A postcolonial approach to governance exposes the role of postcolonial sites and practices in shaping governance and the inequalities embedded within it, insofar as standards of conduct determine which subjects are privileged and excluded.Postcolonial perspectives show how governance can be both productive and repressive, functioning to impose a fixed code of conduct that objectifies (gendered, racialized, sexualized) ‘others’ as part of its project of improvement. In discussing governance, we must also consider how power is negotiated and challenged through forms of resistance and counter-conduct.

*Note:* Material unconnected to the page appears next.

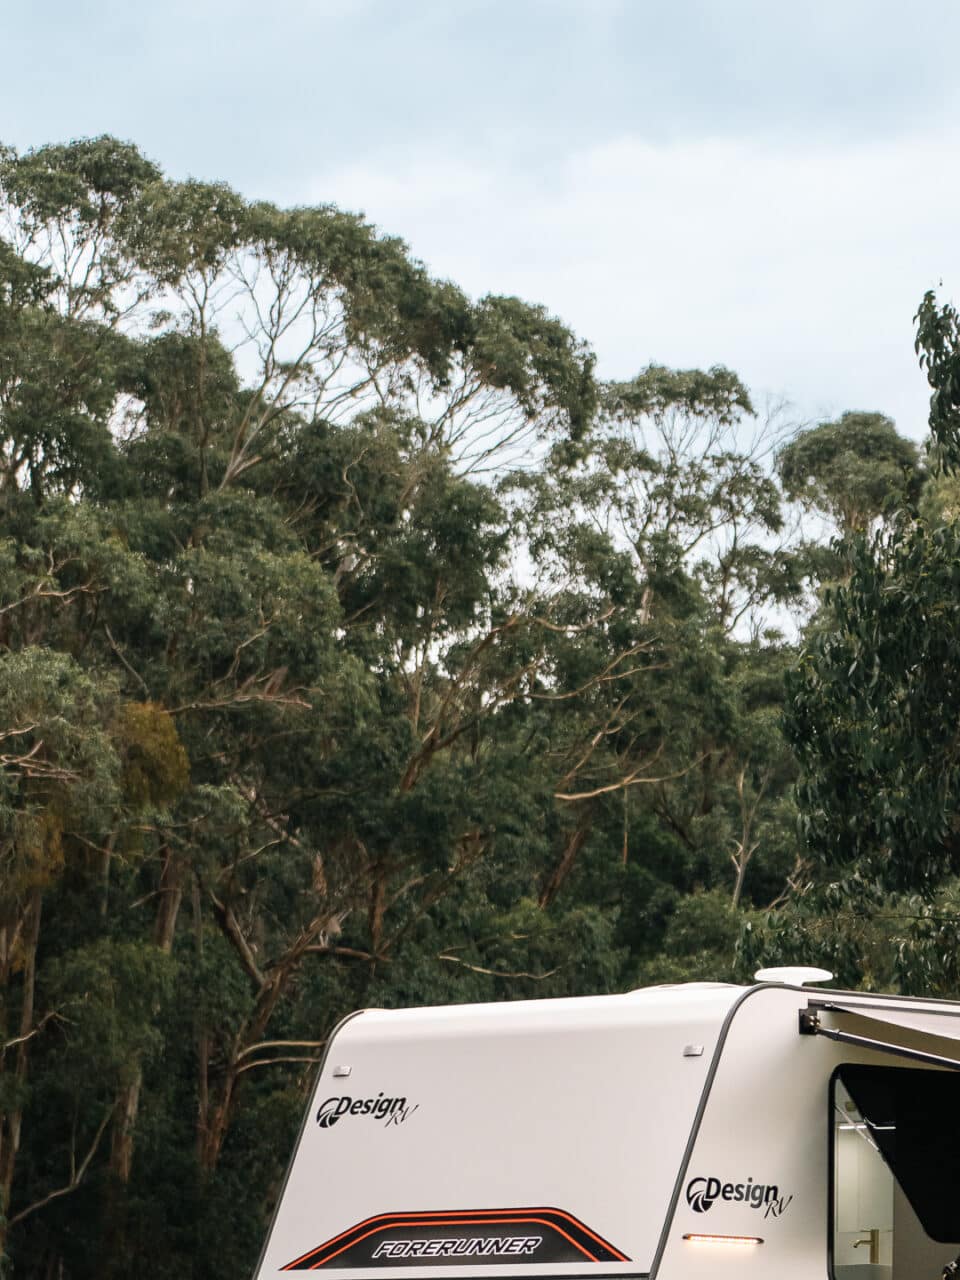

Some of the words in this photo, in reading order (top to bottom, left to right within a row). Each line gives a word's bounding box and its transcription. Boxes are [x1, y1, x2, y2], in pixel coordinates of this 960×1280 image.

This volume argues that we need to incorporate postcolonial theories and carefully examine postcolonial practices and sites, to understand how contemporary governance shapes various transnational inequalities and social divisions. The authors in this edited volume illustrate the value of postcolonial governance as a conceptual framework through empirical examples from Asia, Australia, Africa, and Europe. These cases unpack practices of governance operating within complex political landscapes.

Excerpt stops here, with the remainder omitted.